Diplomate, président du Groupe de pays en développement sans littoral à New York, Tidiane a été, à l’âge de 23 ans, le plus jeune conseiller juridique de la présidence du Mali. « Mes fonctions m’interdisent d’intervenir de quelque façon que ce soit dans la politique d’un pays, explique-t-il quand on lui demande le rôle qu’il tiendra dans les campagnes à venir. Mais ce sont mes frères et je les soutiendrai toujours. » L’anecdote illustre bien les relations dans la fratrie. Des liens de sang, certes, mais aussi des liens forgés dans l’adversité, quand feu Moussa Diarra, leur père, est emprisonné au début des années 1960 (lire l’encadré ci-dessus).

Meurtri, révolté contre le système, Sidi Sosso prend sa revanche sur les bancs de l’école, toujours en tête du classement pour que « jamais les enfants de grands types », ces oligarques qui ont fait emprisonner son père, ne soient meilleurs que lui. Il prend sous son aile Cheick Modibo, de six ans son cadet, qui a constamment besoin d’être remis sur les rails. Turbulent, « il fallait le forcer pour aller à l’école, témoigne Sidi Sosso. Il ne pensait qu’à s’amuser ».

D’ailleurs, Sidi Sosso a longtemps cru avoir échoué avec Cheick Modibo-le-distrait, qui a démonté la nouvelle moto de leur père sans avoir la moindre idée de la façon dont il allait la remettre en marche. « Mon père sortait de prison et c’était l’une de ses premières acquisitions. Il a failli s’étouffer de rage », se souvient Sidi Sosso en riant. Et quand Cheick Modibo lui a annoncé son intention d’étudier la physique et la mécanique spatiale à l’université Pierre-et-Marie-Curie, en France, il eut une réaction dont il se rappelle encore. « Pour faire quoi dans la vie ? lui ai-je demandé. Puis, un soir au village, nous avons passé des heures assis dehors. Modibo m’a parlé du ciel et des étoiles. J’ai vu dans ses yeux que je ne pourrais jamais le faire changer d’avis et que c’était son rêve. »

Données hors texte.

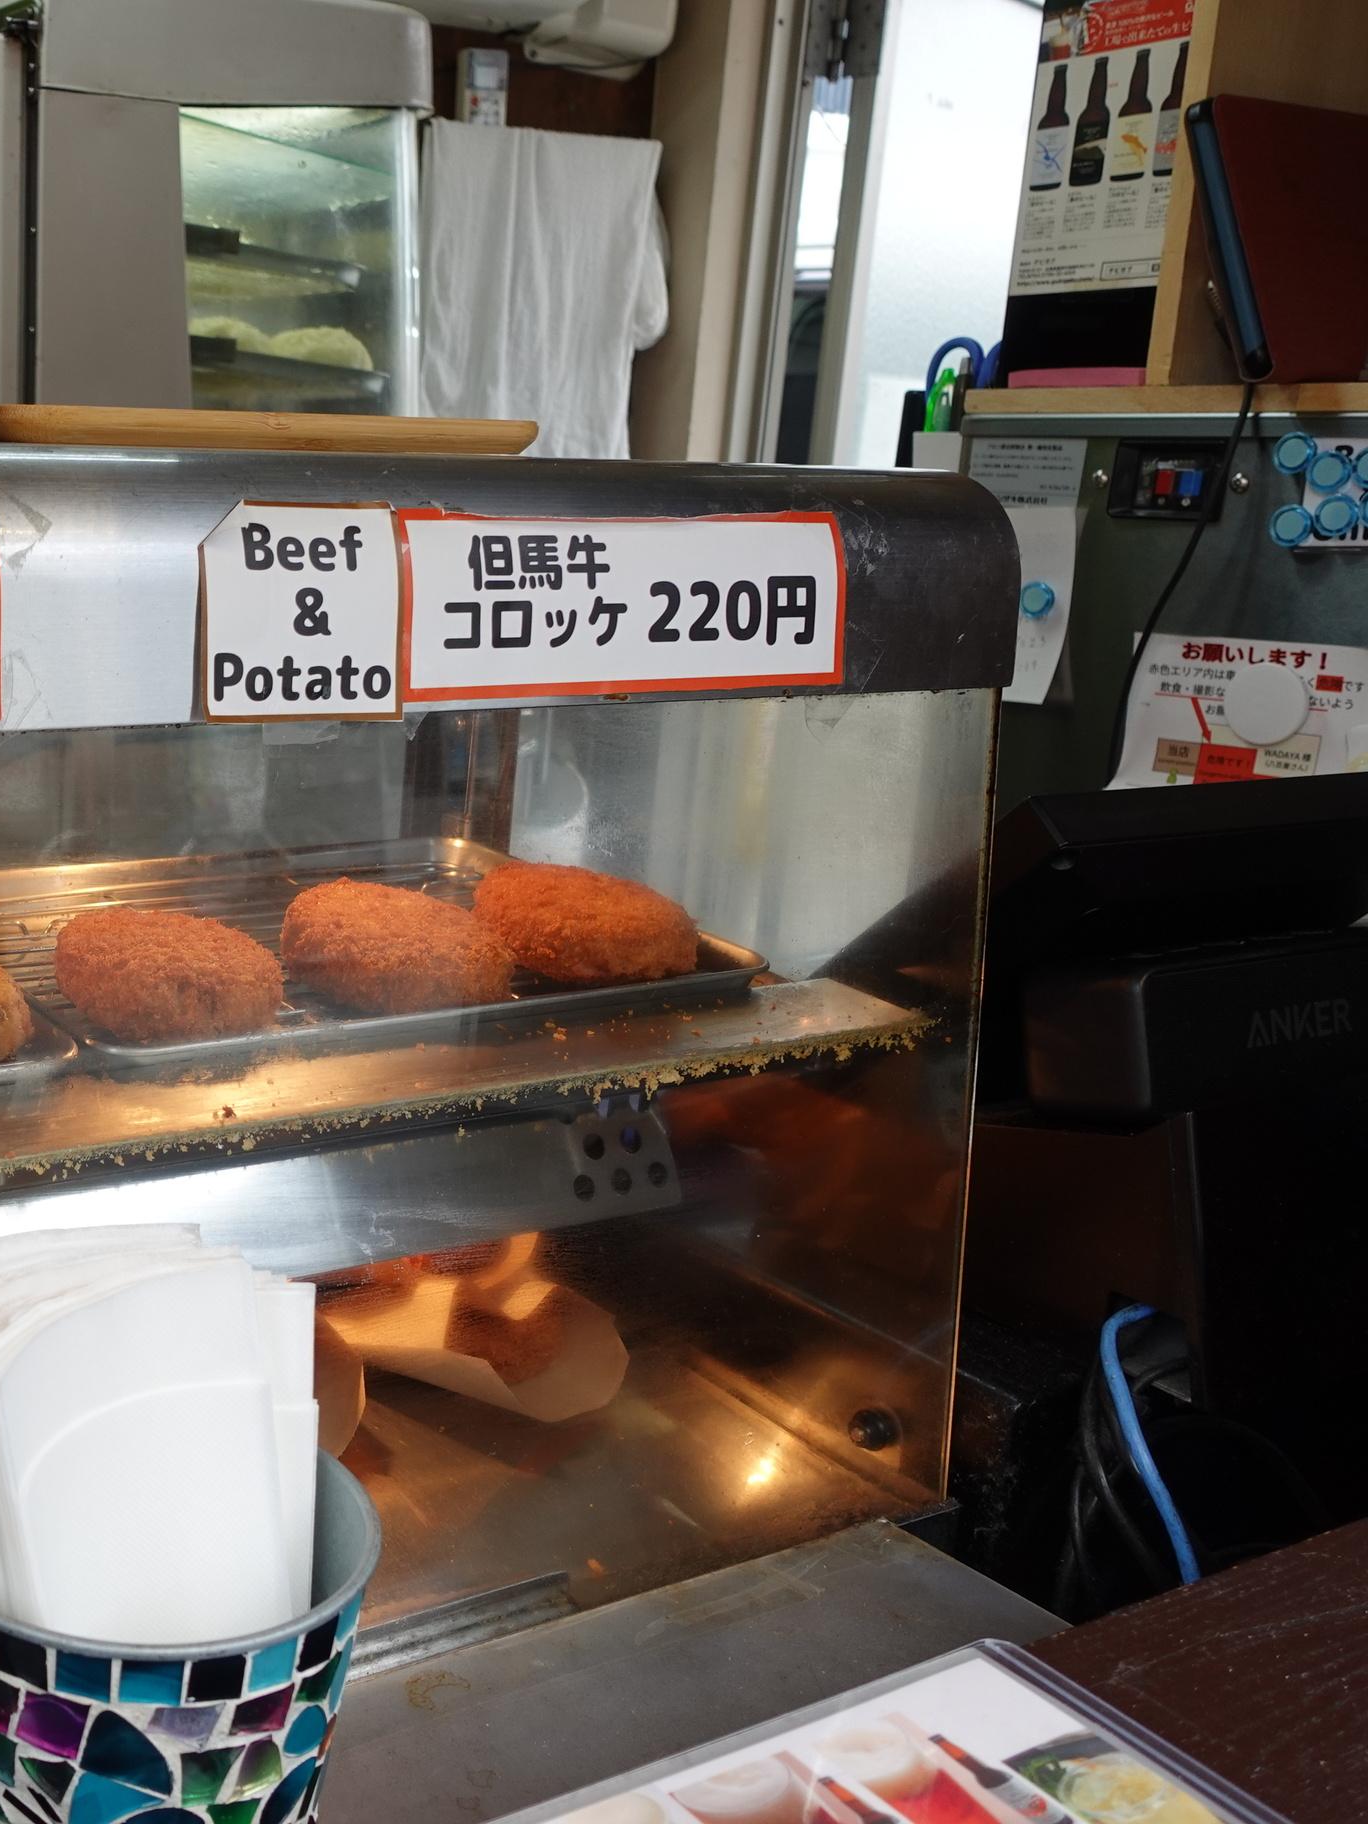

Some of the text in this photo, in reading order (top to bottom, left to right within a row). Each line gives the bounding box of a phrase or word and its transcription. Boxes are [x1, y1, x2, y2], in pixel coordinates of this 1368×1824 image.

Sidi Sosso vit à Bamako, Cheick Modibo entre la capitale malienne et Johannesburg, Boubacar à Ségou, Cheick Sidi et Cheick Hamallah à New York. Il y a bien longtemps qu’ils ne se sont pas retrouvés tous ensemble. « La dernière fois, c’était en 2002 ou 2003, lors des funérailles de la mère de Modibo, Binta, explique Sidi Sosso. On s’écrit de temps en temps ou on s’appelle… » La distance, jurent-ils, n’altère en rien les liens qui les unissent. Ni l’ordre hiérarchique dans la famille : « C’est moi le grand frère, je suis intraitable sur ce point », plaisante Sidi Sosso. Et la perspective des échéances électorales, affirment-ils, ne fera que les rapprocher. Cette solidarité leur réussira-t-elle en politique ? Réponse en 2012.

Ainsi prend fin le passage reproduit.